• [Data for this exercise]
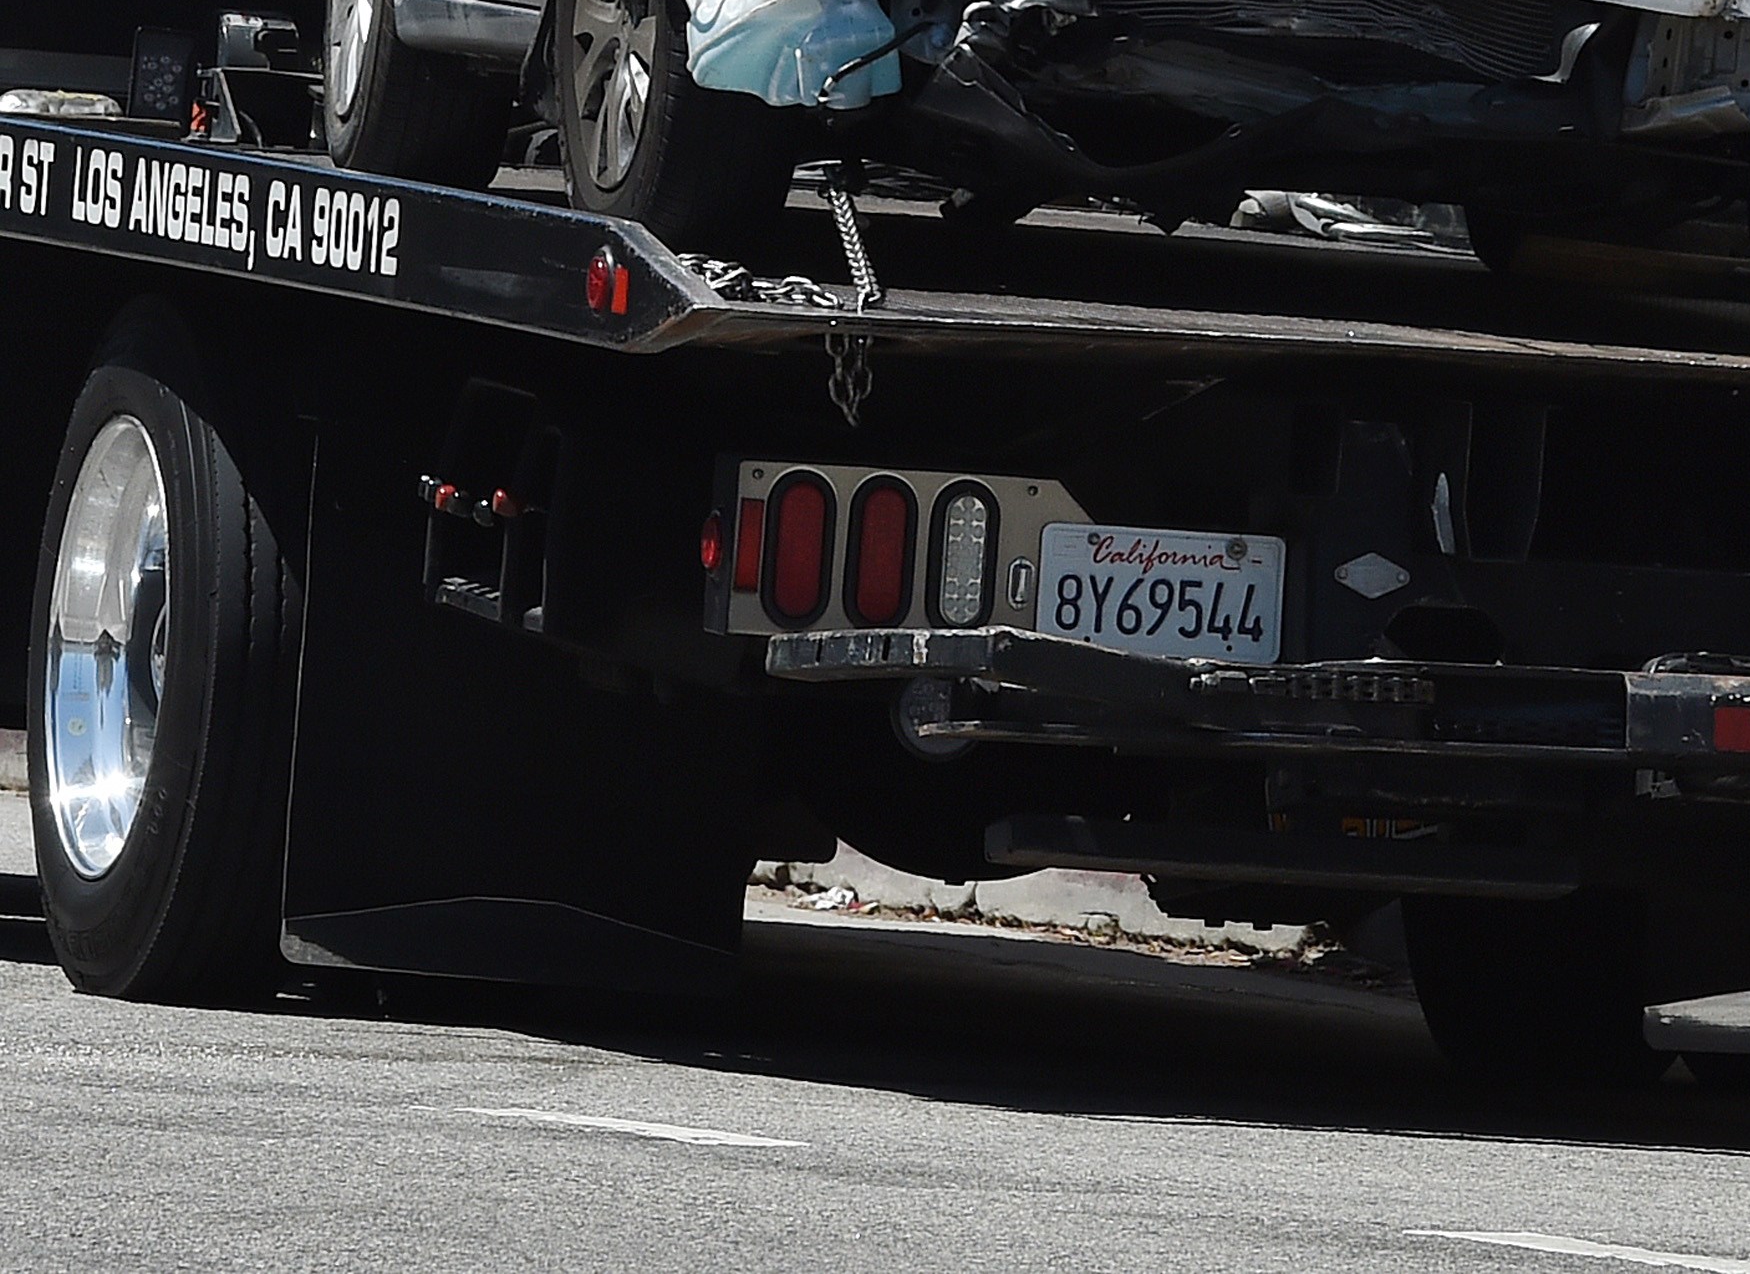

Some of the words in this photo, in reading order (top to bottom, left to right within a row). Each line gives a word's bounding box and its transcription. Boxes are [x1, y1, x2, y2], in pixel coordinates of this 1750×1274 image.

[19, 138, 56, 216] ST
[71, 145, 125, 228] LOS
[128, 157, 256, 271] ANGELES,
[265, 179, 302, 261] CA
[311, 186, 400, 276] 90012
[1093, 534, 1242, 575] California
[1054, 574, 1264, 643] 8Y69544
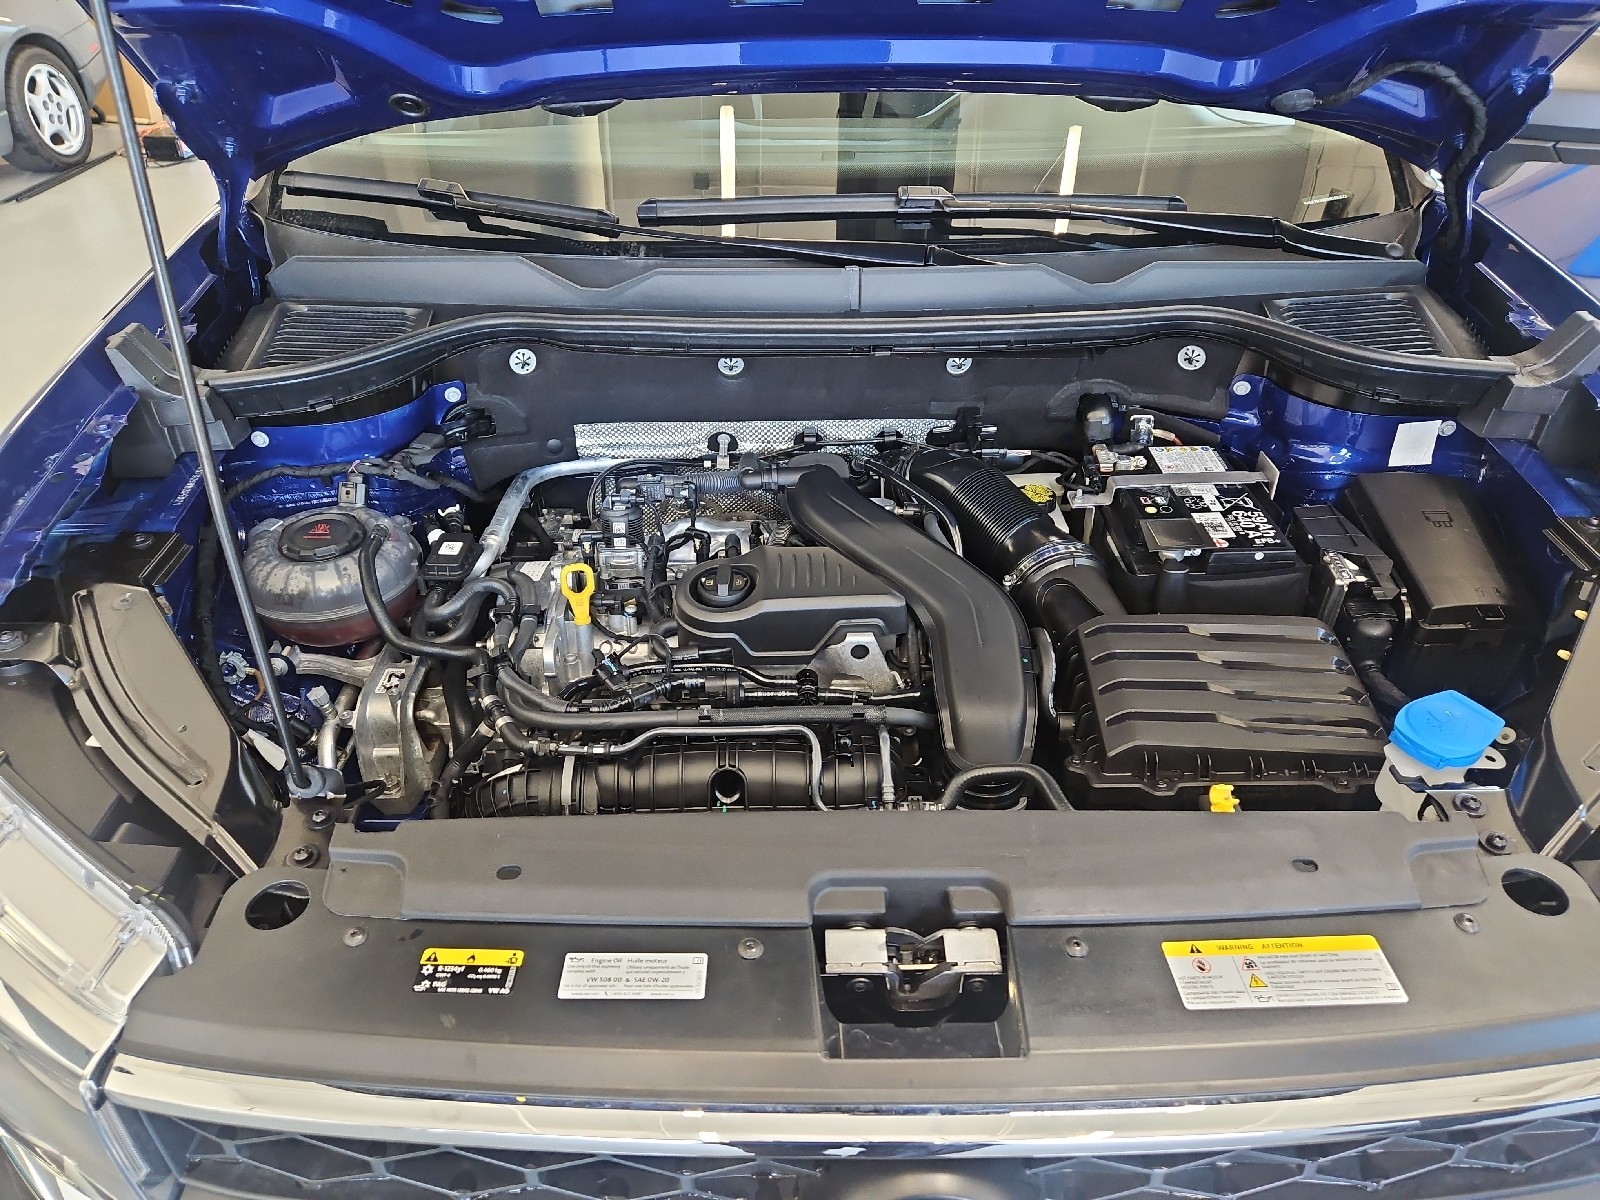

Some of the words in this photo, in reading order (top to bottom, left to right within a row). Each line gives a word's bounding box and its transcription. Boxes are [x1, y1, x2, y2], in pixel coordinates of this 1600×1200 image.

• [The task]
Although the records contain pictures, only the text should be copied, exactly as it stands.

• [Result]
Some of the words in this photo, in reading order (top to bottom, left to right within a row). Each line gives a word's bounding box and its transcription. Boxes are [x1, y1, x2, y2], in pixel coordinates of this 1750×1274 image.

[19, 138, 56, 216] ST
[71, 145, 125, 228] LOS
[128, 157, 256, 271] ANGELES,
[265, 179, 302, 261] CA
[311, 186, 400, 276] 90012
[1093, 534, 1242, 575] California
[1054, 574, 1264, 643] 8Y69544

Some of the words in this photo, in reading order (top to bottom, left to right within a row). Each line gives a word's bounding box and its transcription. Boxes are [x1, y1, x2, y2], in pixel coordinates of this 1600×1200 image.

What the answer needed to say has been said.